Imagine a defect found in UAT (user acceptance tests) that comes down to a discrepancy between the code, the functional specification and the data model. Who should be assigned the defect? Many times it is easier to fix the defect than to answer this question, especially when the answer affects income. The focus shifts from solving the problem to assigning blame. The defect is tossed around from one person to the other. Such a defect is likely to have more than one “parent”: the data modeler for not synchronizing with the functional specification, the analyst that has an overall responsibility for the design, and the QA who did not spot it. Should you assign it to multiple people? That would add a serious complexity to the defect handling process. Wouldn’t it be easier to just assign the defect to the person who is most likely to solve it?
What about when an employee detects a defect that he is responsible for, in which case the resolution involves formally opening a defect on oneself? Say, a developer who found a problem with a code piece that is already in production. Nobody but him noticed it so far. If he gets lucky maybe nobody will until such a time when he has the chance to slide the fix into the next patch. When it affects his bonus, the developer has a strong incentive to let it slide.
Rewarding for opening defects can cause a profusion of pettiness. In matters of form and documentation there are countless ways of doing things and therefore there are many opportunities to open defects.

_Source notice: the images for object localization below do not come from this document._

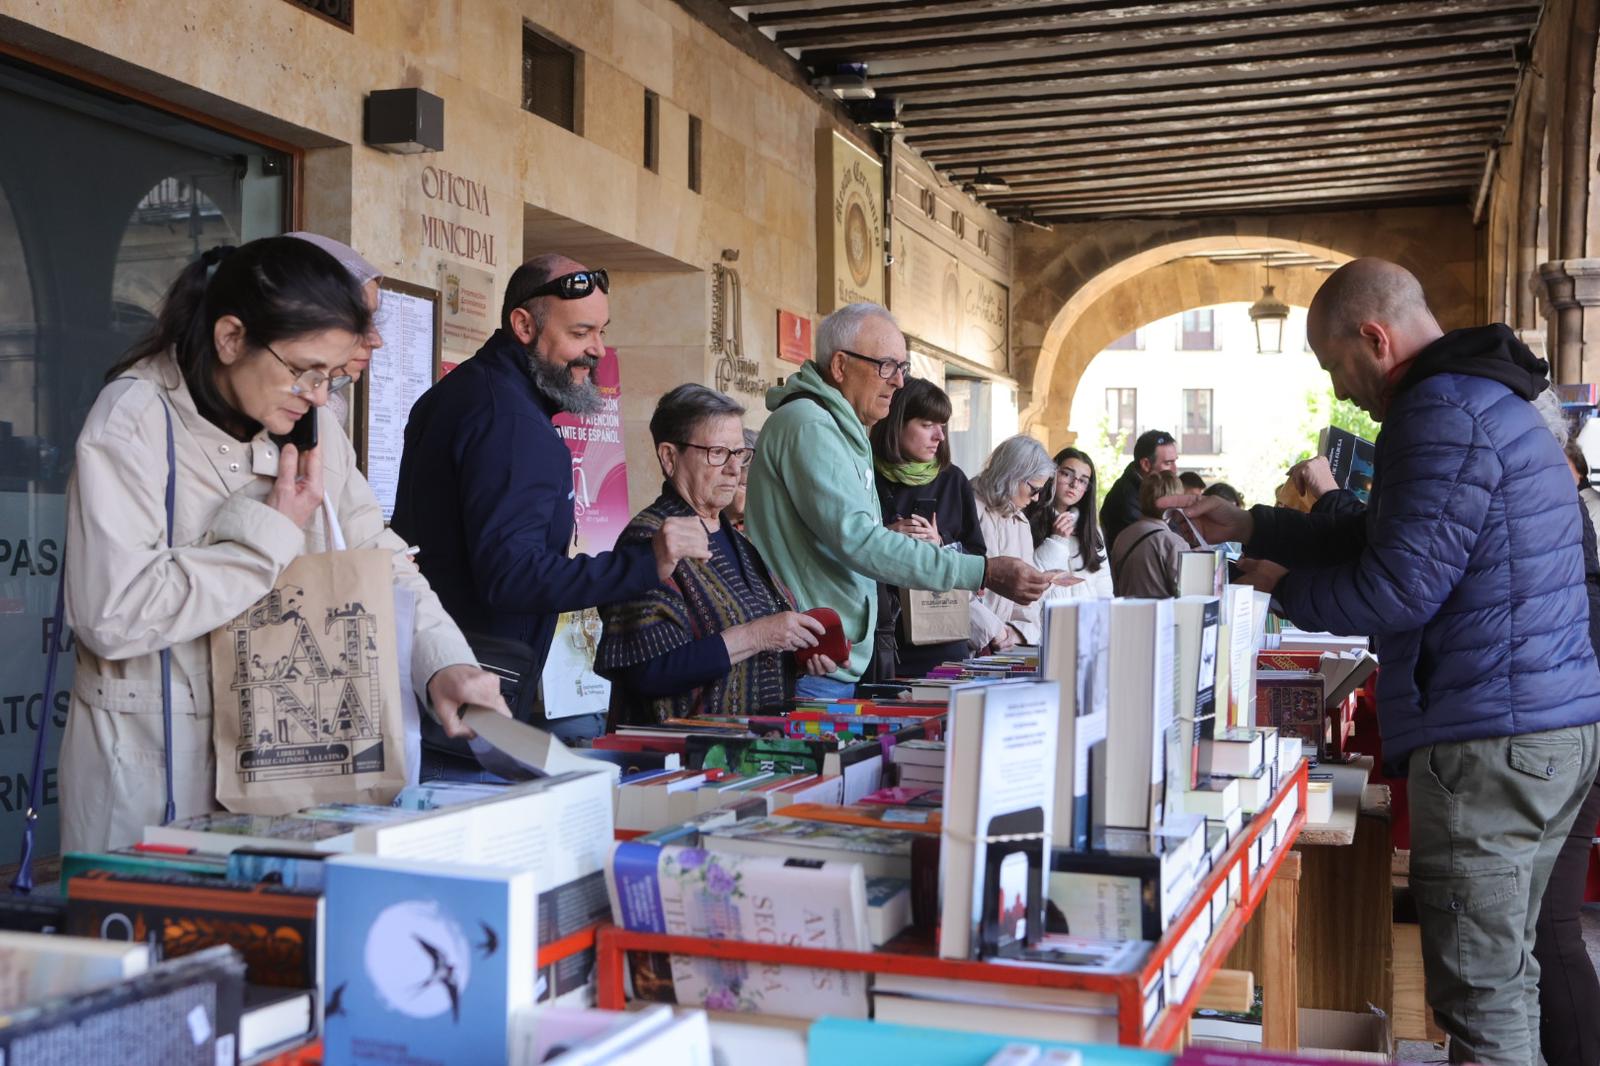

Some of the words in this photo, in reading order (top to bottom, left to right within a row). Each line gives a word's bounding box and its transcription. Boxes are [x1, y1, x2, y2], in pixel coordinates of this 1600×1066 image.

[421, 165, 490, 217] OFICINA
[421, 213, 497, 267] MUNICIPAL
[578, 427, 587, 441] DE
[587, 427, 621, 443] ESPAÑOL
[0, 690, 71, 735] TOS
[663, 896, 693, 983] TIERA
[802, 908, 833, 991] ANES

I have seen this turn quick informal feedback loops into a red-tape burdening communication.

So what to do

‘How to do it right’ is a hard question. One thing is for sure, trying to develop a measurement system that takes everything into account is not the right approach. Additional complexity to measurement systems increases maintenance cost. Time spent on maintaining complex metrics can out-value the increase in accuracy.
Metrics should be used as a reference but the ultimate bonus decisions should be left to direct managers. Especially in parts of the organization that are not profit centers. There is no substitute for good and honest management trusted by subordinates to make decisions based on insight and integrity.

Comments

  1. what a bout a falat or straight bonus where all employees get dedicated number of salaries based on the company acheivemnts?

    ReplyDelete
  2. Standard bonuses based on company performance can boost moral but other than that it will not encourage personal achievement

    ReplyDelete
  3. People want to be trated fairly and paid fairly.

    When managers create financial incentives they should not be surprised if their employees do not focus on the company’s success, but rather on how to maximize the incentive.

    I believe, that tying variable income to personal objectives is a waste and frequently also demotivating.